▸ EXERCISE PROMPT
Your output should be an exact copy of the records, with no pictures in it.

+---+

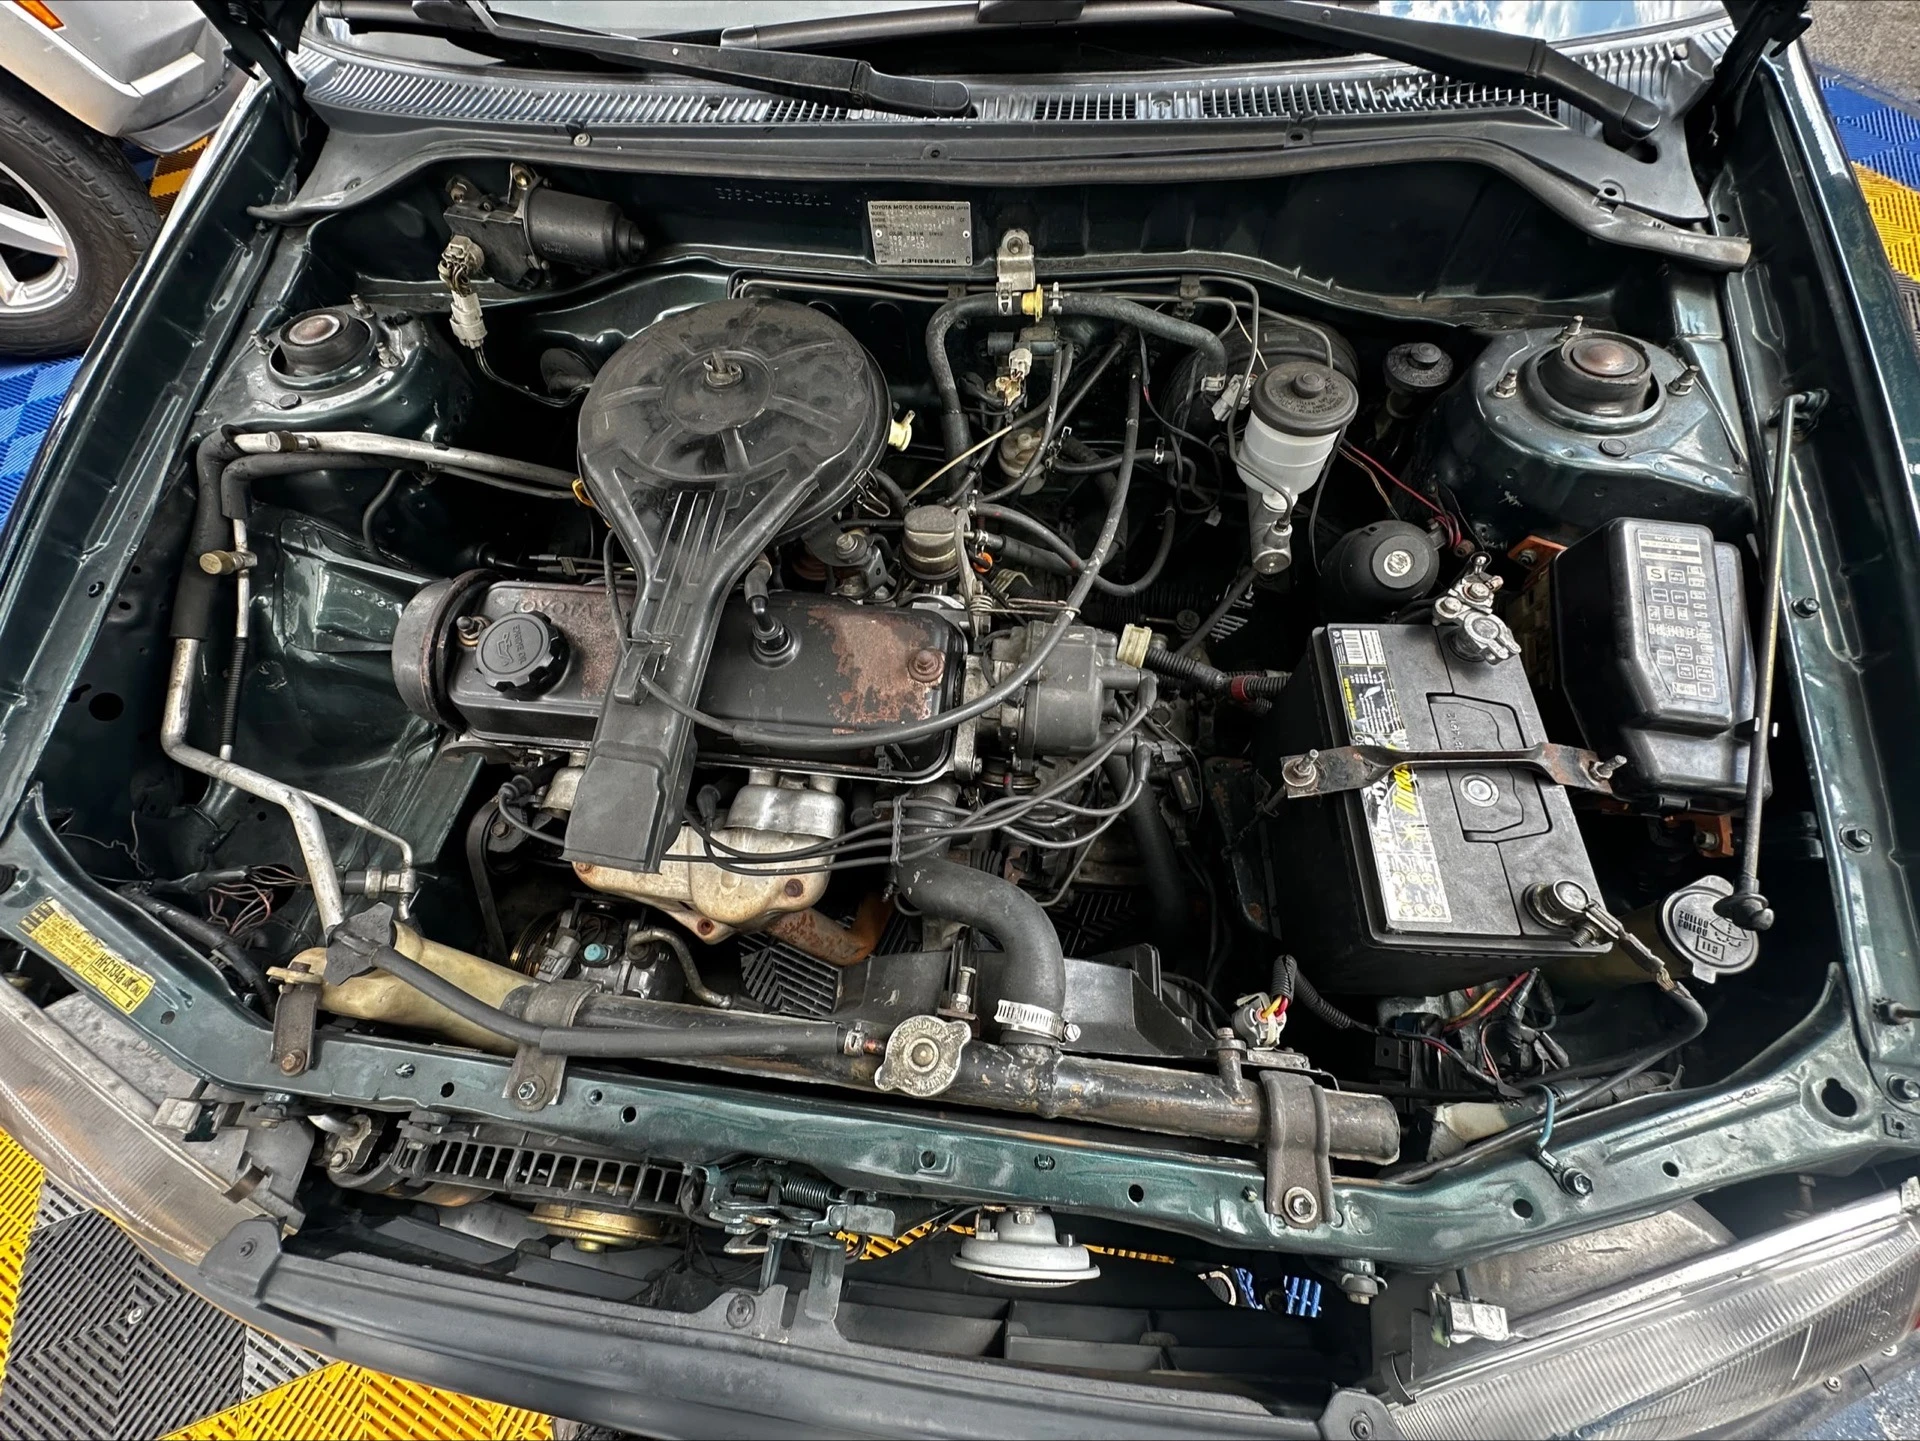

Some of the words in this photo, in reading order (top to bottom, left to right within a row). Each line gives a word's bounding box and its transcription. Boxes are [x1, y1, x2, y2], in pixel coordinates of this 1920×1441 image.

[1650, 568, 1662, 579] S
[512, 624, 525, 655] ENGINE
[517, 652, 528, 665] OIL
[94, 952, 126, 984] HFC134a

+---+

▸ EXERCISE ANSWER
Some of the words in this photo, in reading order (top to bottom, left to right within a row). Each line gives a word's bounding box and its transcription. Boxes are [x1, y1, x2, y2], in pixel coordinates of this 1920×1441 image.

[1650, 568, 1662, 579] S
[512, 624, 525, 655] ENGINE
[517, 652, 528, 665] OIL
[94, 952, 126, 984] HFC134a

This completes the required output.